However, it is not at all easy to reduce the medication.  Each time I reduce the doses I have disturbed nights sleep (waking in the night with cold sweats etc…), vivid and nasty dreams and noticeable withdrawal symptoms that last for about 3 to 4 days.  I have been working on a program that I have set up where I reduce my dose every 4 days, this means I try to get at least one day where I feel alright before I go through the motions once again.  This can be a gruelling regime but one I am committed to as once I can come off these tablets I will know the success level of the surgery.

This system I have set up will mean that I will have reduced my Gabapentin dose to 300mg ONCE a day by the 3rd May and I will finish the Amitriptyline altogether by the 11th May.  Of course if I begin to see any signs of excessive struggle or increased pain the reduction process will be amended but, as it stands, I am committed to this plan.

Strength and Stamina

I am now able to get out and about much more than the last time I posted.  I can do about 20 minutes walking the dog each day and I have started to pick up small household chores as I can.  I have a plan to try and increase my activity every week and I hope to get a referral for some Physiotherapy from my doctor today.  All in all I am doing so much better than expected.  Last Thursday, 3 weeks after the surgery, we went out for 40 minute walk with the dog.  This helped me to realise two things.

  1. I have recovered really well and am ahead of my expected rate of recovery.
  2. I have limits and at the moment 40 minutes of walking is too much to cope with!  I had “Jelly Legs” for the rest of the day and was still exhausted on the Friday!

Gill has, as expected, been incredible in looking after me, however she is still having to do much more round the house than me, which can be tiring for her alongside everything else she is doing.

All in all I feel very positive and excited about the next phase of my journey.  I have made some real commitments that I hope will help me take advantage of this and in some way I believe that I have come into a time of acceleration where the things I have missed out on in the past 8 and a half years will be caught up with and fully restored. What that will look like I am unsure but I know that it will be GOOD!

Thanks for following this blog, I will continue to update when I can.





Week 2 Recovery Update

6 04 2012

Well, here I am again with another update and a fresh looking blog page!

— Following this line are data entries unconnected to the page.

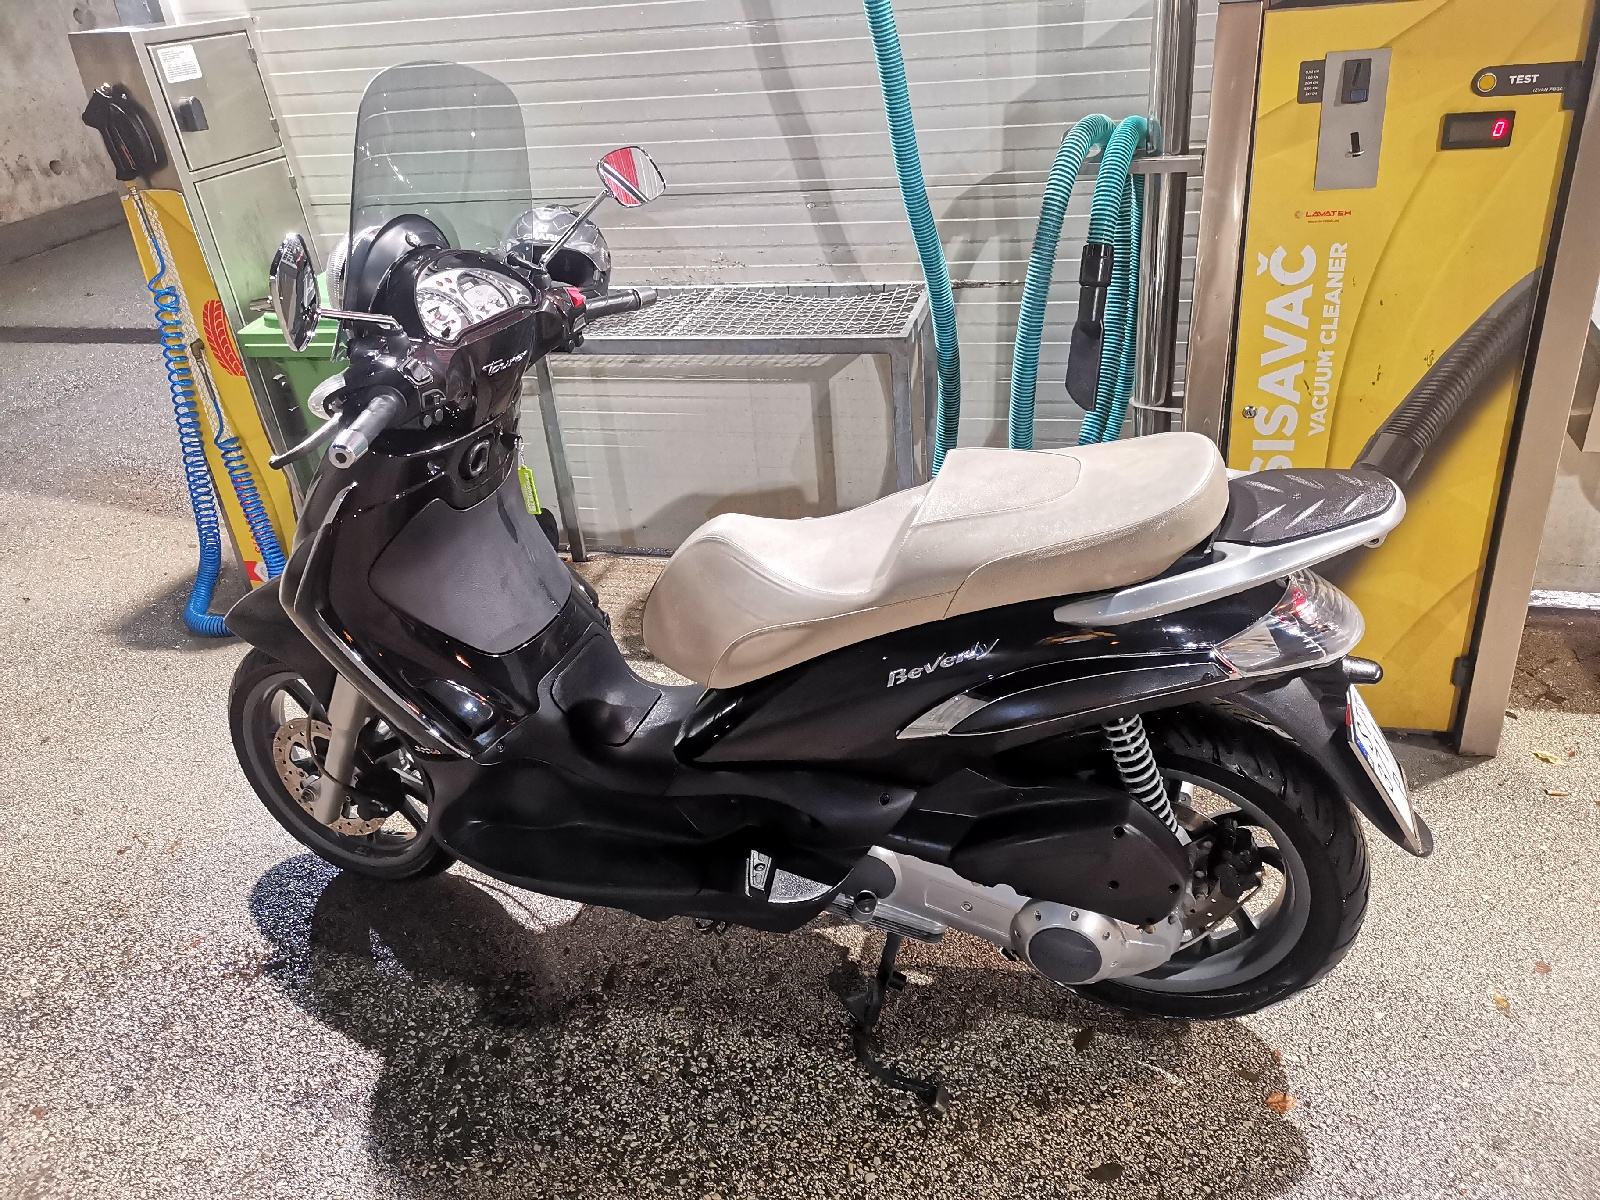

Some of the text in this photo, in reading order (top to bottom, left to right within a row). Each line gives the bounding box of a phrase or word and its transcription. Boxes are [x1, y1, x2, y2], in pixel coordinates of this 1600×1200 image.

[1509, 74, 1540, 85] TEST
[1492, 121, 1505, 137] 0
[1320, 242, 1348, 345] CLEANER
[1307, 350, 1335, 437] VACUUM
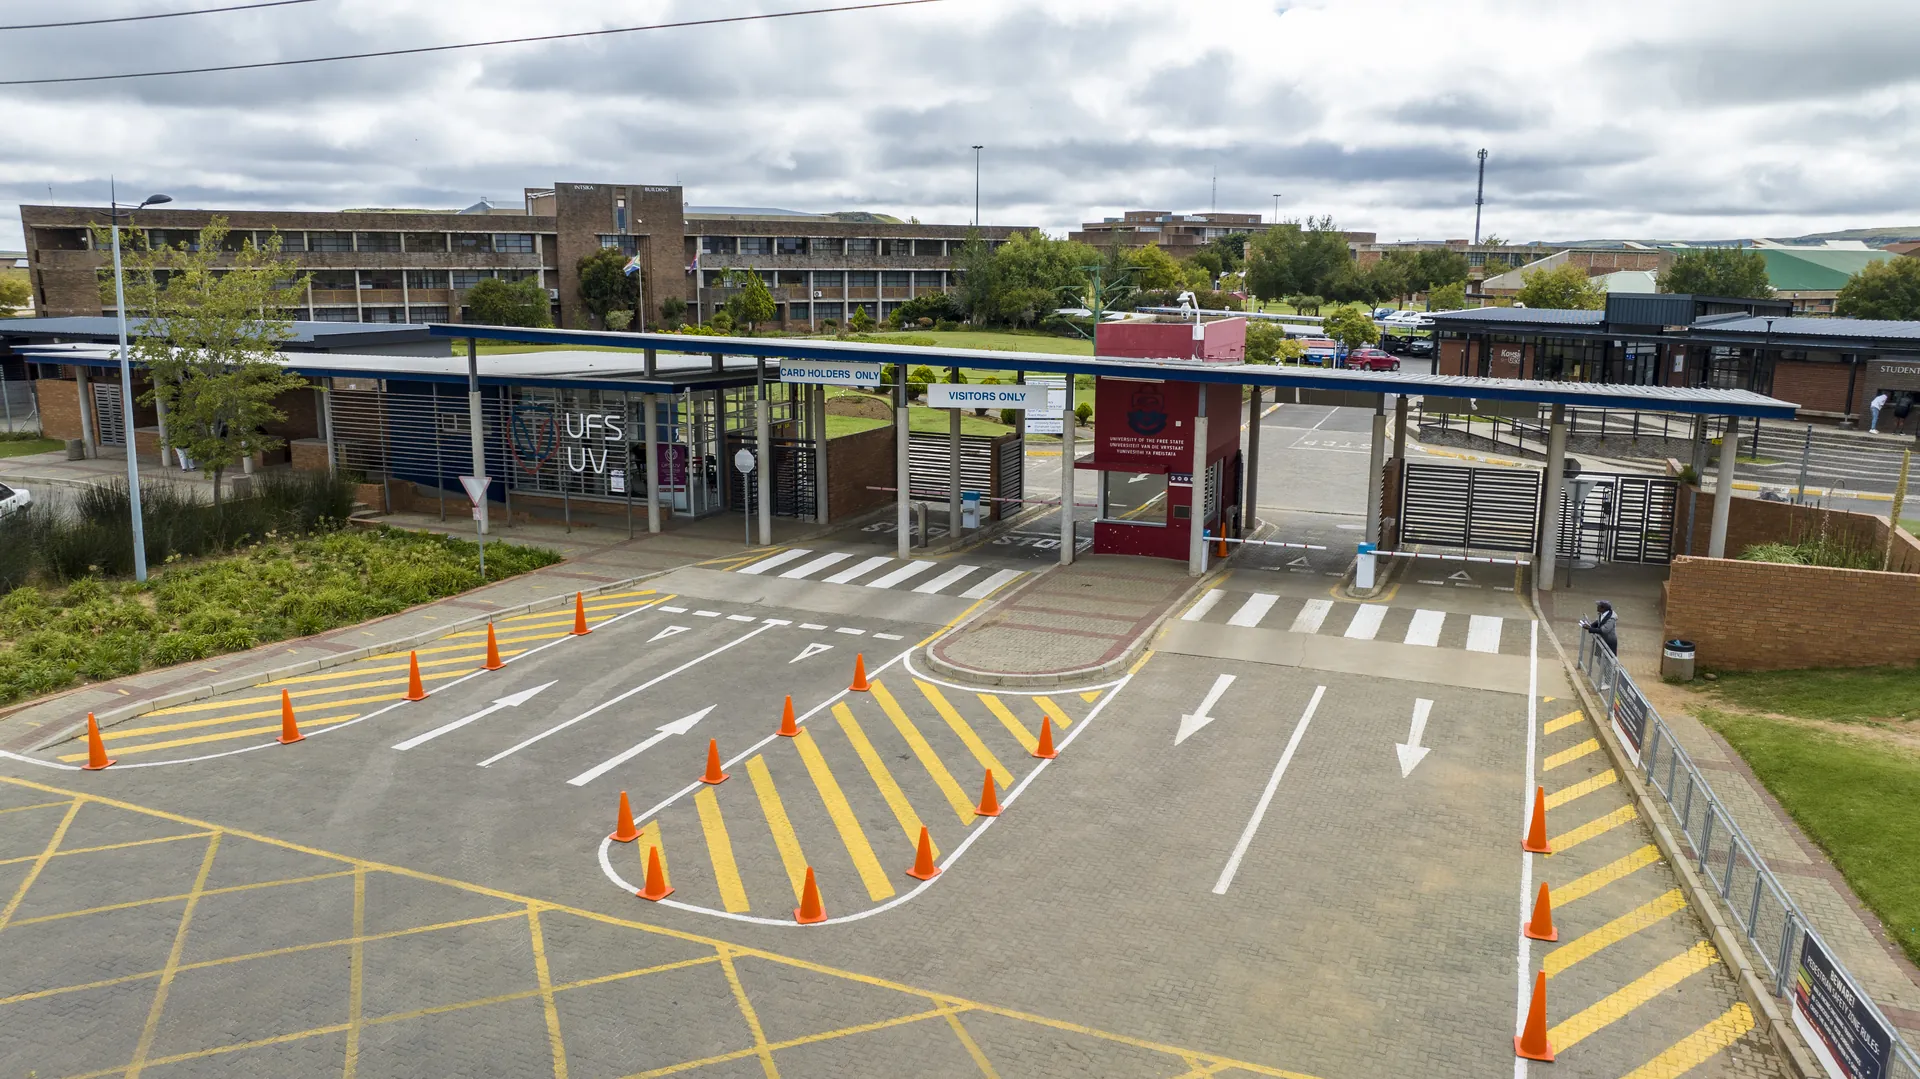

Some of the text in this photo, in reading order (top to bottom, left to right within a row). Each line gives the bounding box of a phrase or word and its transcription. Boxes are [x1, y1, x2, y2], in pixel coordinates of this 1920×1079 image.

[780, 368, 880, 380] CARD HOLDERS ONLY
[948, 392, 1027, 402] VISITORS ONLY
[566, 412, 622, 440] UFS
[568, 446, 608, 474] UV
[1830, 970, 1856, 1008] BEWARE!
[1807, 956, 1832, 993] PEDESTRIAN
[1832, 988, 1849, 1014] SAFETY
[1847, 1010, 1860, 1032] ZONE
[1860, 1026, 1880, 1056] RULES:

My recovery seems to be going really well and, with regards to the operation, I feel stronger and better each day.  This is in stark contrast to 8 and a half years ago but the journey is only still in its early days, so I don’t want to get too ahead of myself as I know I am still in a vulnerable state.  However, I have developed an annoying cough over the last week that causes me quite a lot of pain in my chest which is very frustrating.

Medication…

I have begun to reduce my medication, which is proving to have its own challenges.  I am taking more medication now than before the operation but the main reasons for this is to help reduce swelling and control pain from the operation itself.  I am currently on the journey of reducing the original medications I take that deal specifically with neuropathic pain.  The big 2 drugs I am taking in this regard are called Gabapentin and Amitriptyline they are addictive drugs (one dr. said they were dirty drugs!) and, unfortunately, I’m hooked.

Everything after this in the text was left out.